Jeff Kent, who played second base for the Los Angeles Dodgers this season, has stepped into the emotional world of same-sex marriage, giving $15,000 to backers of the California proposition on Tuesday's ballot that would ban it.

In a disclosure filed with the California secretary of state, Kent listed his occupation as professional baseball player for the Dodgers and his address as Austin, Texas. He gave the $15,000 in a transaction dated Monday but which only now is public.Jeff_kent

Proposition 8 would ban same-sex marriage by imposing a California constitutional amendment that would define marriage as being between one man and one woman.

With both sides spending upward of $30 million each, the measure has become the most costly ballot measure ever dealing with a social issue, and the spending is by far the most for any proposition anywhere in the country this year.

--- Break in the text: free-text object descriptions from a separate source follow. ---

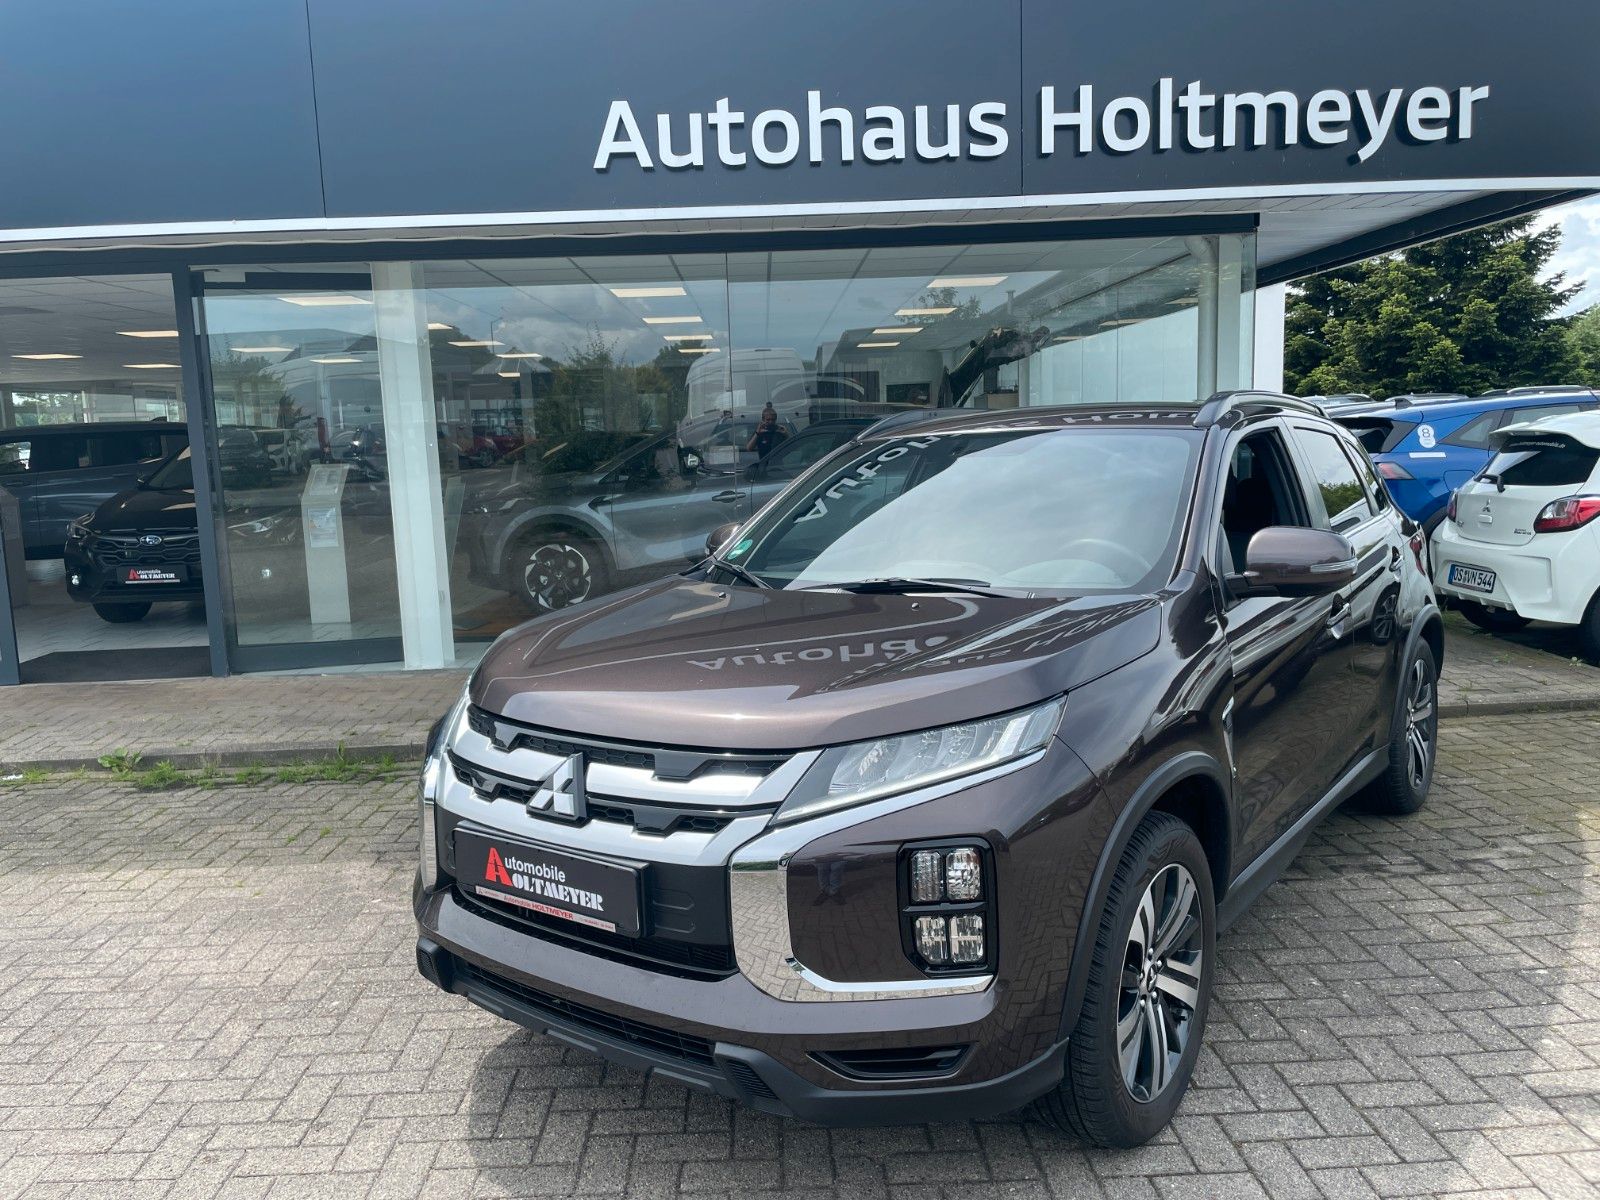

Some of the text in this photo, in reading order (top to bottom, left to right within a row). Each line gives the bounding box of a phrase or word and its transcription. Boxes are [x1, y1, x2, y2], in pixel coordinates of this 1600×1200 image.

[593, 77, 1490, 171] Autohaus Holtmeyer
[1421, 428, 1431, 438] 8
[1453, 567, 1464, 582] OS
[1477, 572, 1493, 588] 544
[531, 901, 574, 920] HOLTMEYER
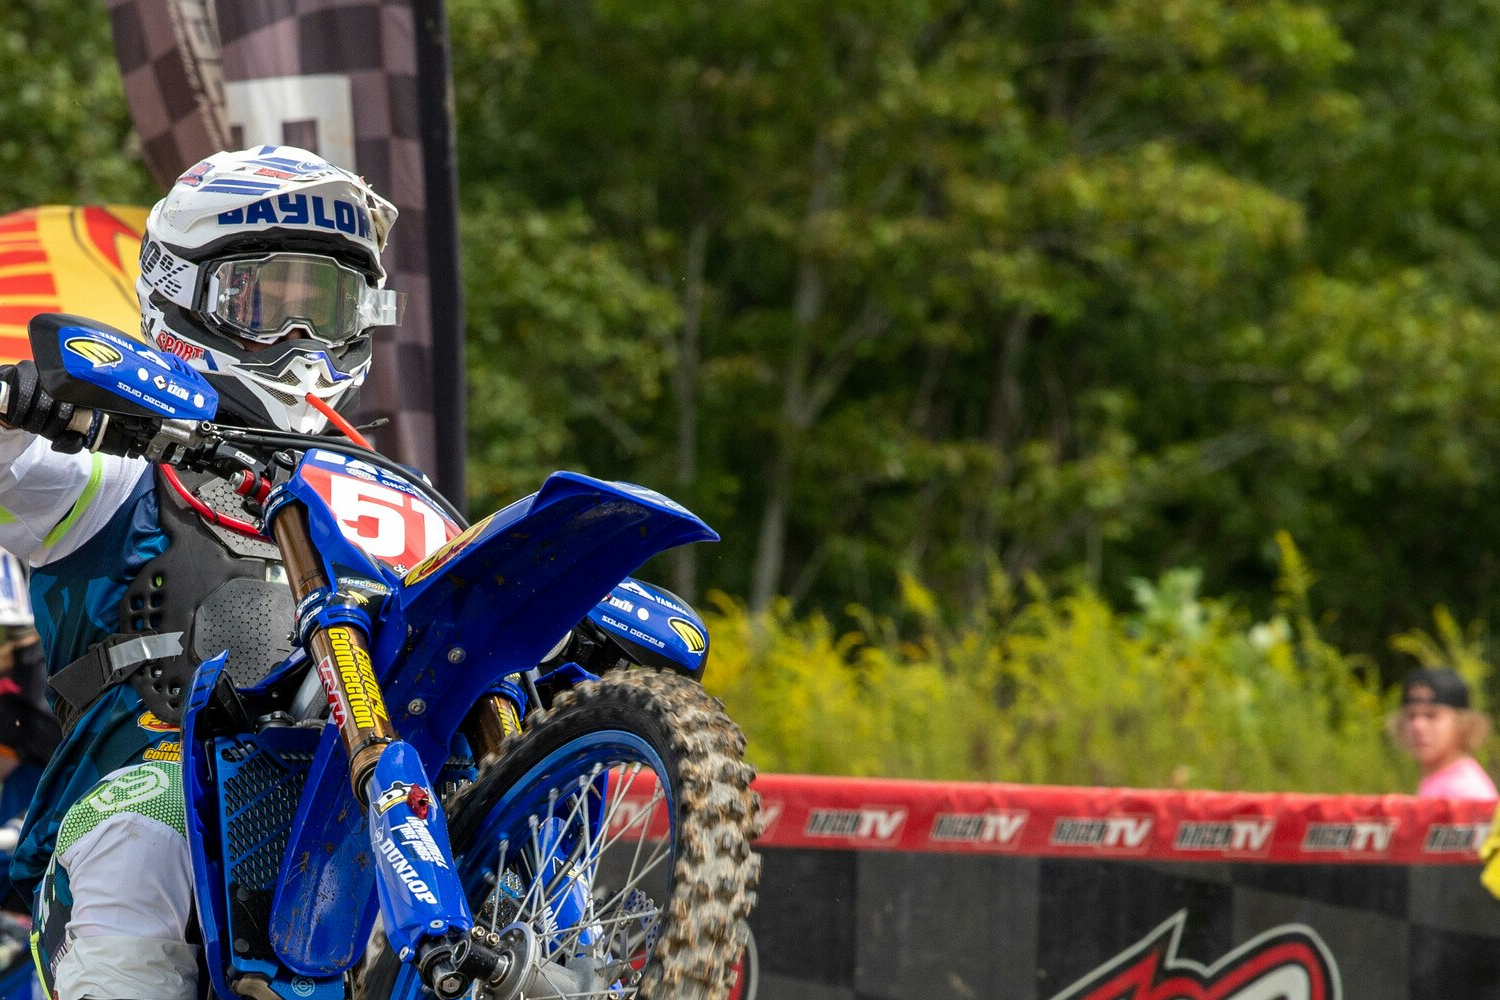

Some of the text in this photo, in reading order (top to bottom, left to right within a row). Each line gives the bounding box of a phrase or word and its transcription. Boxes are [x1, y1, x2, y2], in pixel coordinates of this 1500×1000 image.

Kent, a free agent who is considering retiring, is a potential Hall of Famer who is best known for his years with the San Francisco Giants. A Bellflower native, Kent also played baseball at University of California, Berkeley.

A review of campaign records shows no other donations to federal or California state campaigns by Kent.

Frank Schubert, managing the Yes-on-8 campaign, said he was unaware that Kent had weighed in.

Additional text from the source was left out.